> **Available records**
* * * * * * * * *
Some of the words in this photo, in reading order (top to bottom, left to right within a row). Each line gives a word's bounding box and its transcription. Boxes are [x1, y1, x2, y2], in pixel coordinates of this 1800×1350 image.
* * * * * * * * *
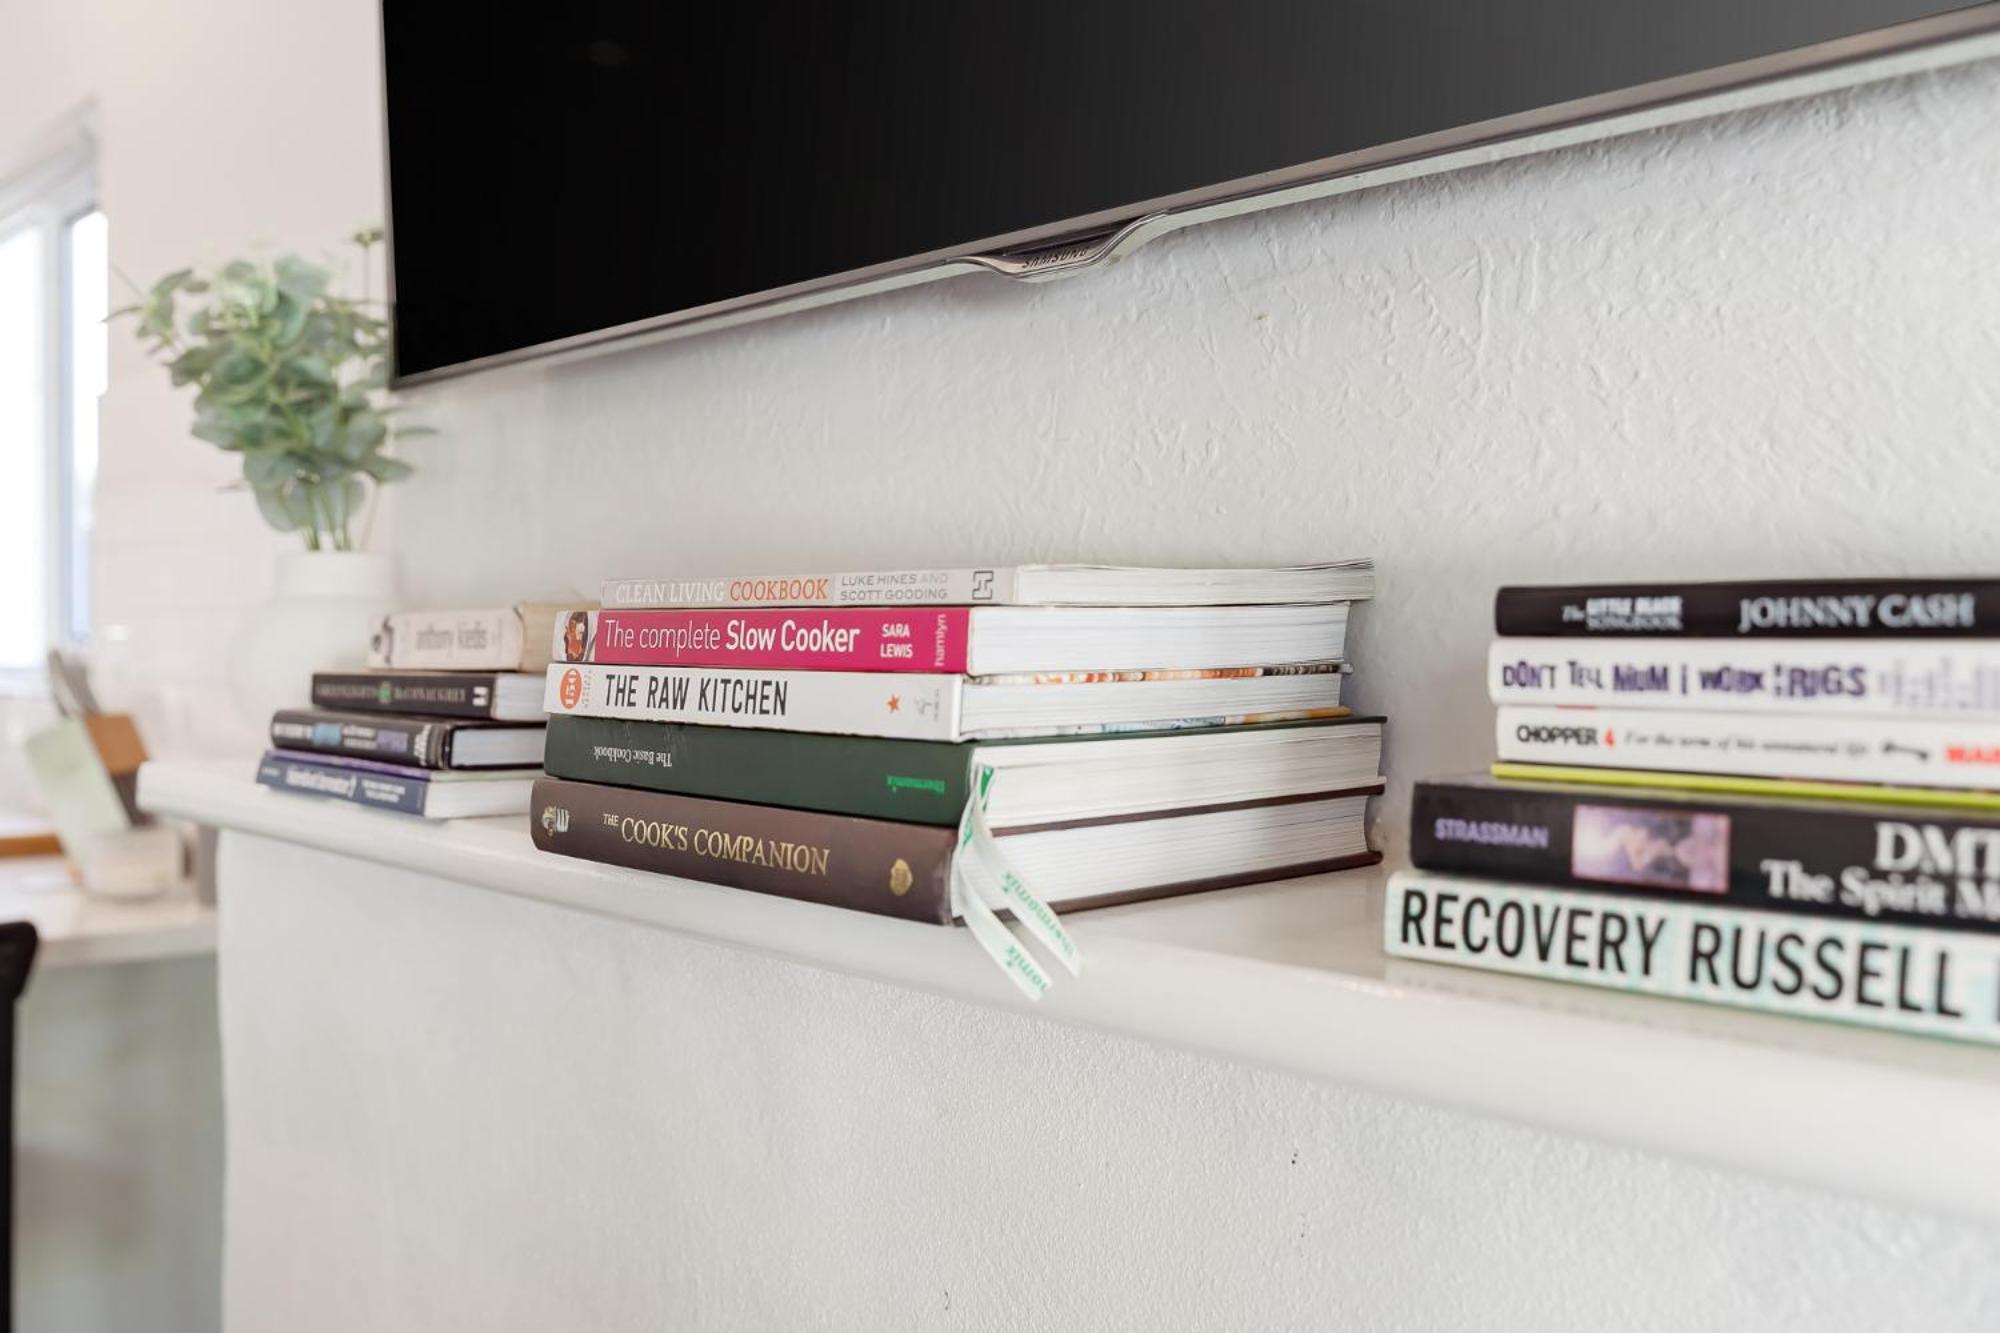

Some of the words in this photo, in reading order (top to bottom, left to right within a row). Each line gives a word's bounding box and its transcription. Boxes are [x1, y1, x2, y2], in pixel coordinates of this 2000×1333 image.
* * * * * * * * *
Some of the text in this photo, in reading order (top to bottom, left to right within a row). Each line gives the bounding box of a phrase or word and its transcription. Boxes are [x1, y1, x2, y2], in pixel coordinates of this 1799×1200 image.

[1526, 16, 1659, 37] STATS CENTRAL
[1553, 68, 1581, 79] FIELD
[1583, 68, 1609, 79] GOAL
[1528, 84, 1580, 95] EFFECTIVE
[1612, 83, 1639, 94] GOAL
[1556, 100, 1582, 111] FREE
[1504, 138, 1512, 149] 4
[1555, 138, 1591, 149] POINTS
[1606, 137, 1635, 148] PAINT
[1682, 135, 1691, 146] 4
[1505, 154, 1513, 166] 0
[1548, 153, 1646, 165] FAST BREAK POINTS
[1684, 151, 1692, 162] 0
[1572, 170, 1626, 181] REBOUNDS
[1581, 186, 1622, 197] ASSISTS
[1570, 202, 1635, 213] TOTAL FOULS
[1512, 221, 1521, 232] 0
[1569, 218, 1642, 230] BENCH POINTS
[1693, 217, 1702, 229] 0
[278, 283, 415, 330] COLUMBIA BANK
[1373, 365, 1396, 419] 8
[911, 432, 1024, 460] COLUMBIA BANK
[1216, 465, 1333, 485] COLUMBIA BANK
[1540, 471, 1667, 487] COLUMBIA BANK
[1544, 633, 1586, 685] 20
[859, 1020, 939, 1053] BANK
* * * * * * * * *
> **Your task**
Find the string "words" in the listing and return every line that holds it.

> **Answer section**
Some of the words in this photo, in reading order (top to bottom, left to right within a row). Each line gives a word's bounding box and its transcription. Boxes are [x1, y1, x2, y2], in pixel coordinates of this 1800×1350 image.
Some of the words in this photo, in reading order (top to bottom, left to right within a row). Each line gives a word's bounding box and its transcription. Boxes are [x1, y1, x2, y2], in pixel coordinates of this 2000×1333 image.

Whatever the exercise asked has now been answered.